From 1981 to 2002, photos were taken using a Pentax ME Super camera.
From 1989 to 2002, I was doing all pictures as prints (instead of slides which I had grown up on).
In 1997, at the age of 40, my photo obsession began and I started taking thousands of photos per year.
In September, 2002, I switched to digital cameras and the number of photos exploded.
Image quality is going to be variable because these are scans of slides and/or prints.

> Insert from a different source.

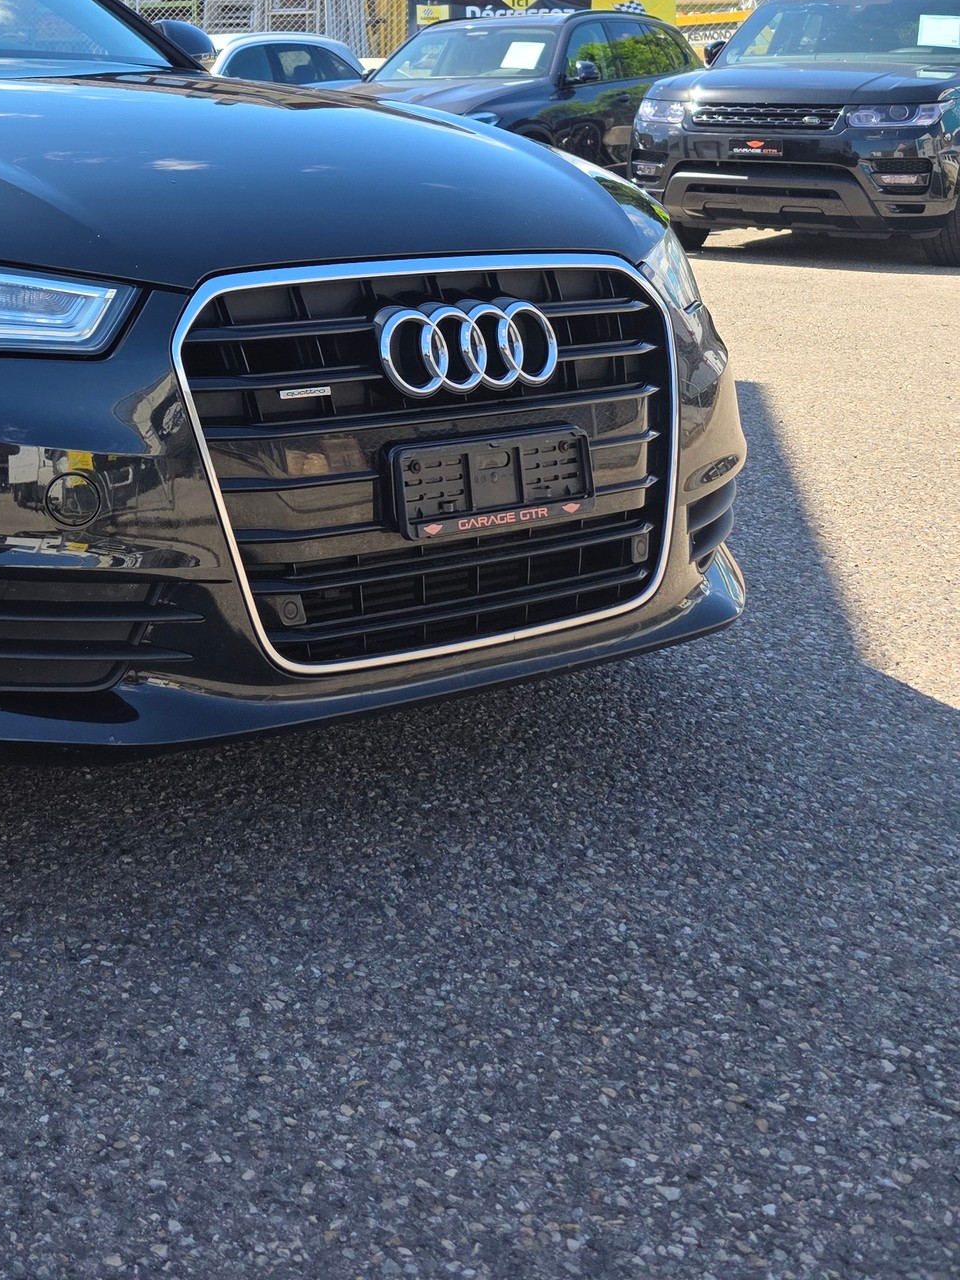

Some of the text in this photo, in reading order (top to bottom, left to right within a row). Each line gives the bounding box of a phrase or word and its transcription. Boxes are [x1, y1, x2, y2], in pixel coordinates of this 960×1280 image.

[286, 388, 326, 397] quattro
[458, 507, 549, 531] GARAGE GTR

The images shown here were scanned in two phases. In the early years of the website, I rescanned a selection of pre-digital images, all at fairly low quality settings. During the COVID pandemic, I launched the Great Rescanning Effort, rescanning ALL of my pre-digital images from various media (prints, slides, negatives, etc) at higher resolution and quality settings. Mutilple versions of images -- some from the initial scannning phase, some from prints, some from slides/negatives -- were posted so there are frequently duplicate images on the same page. At some point, I hope to have time to do a final review and get rid of the duplicates but that'll have to wait until all of the pre-digital images are finally posted.
Trips this year: North Carolina (Dad), Florida (Mom), using a time share in Arkansas to visit Civil War sites in Missouri, Georgia, Arkansas, Mississippi and Tennessee. The Civil War became my excuse to see places I'd never been to in my life and it was a great motivator for 20 years or so.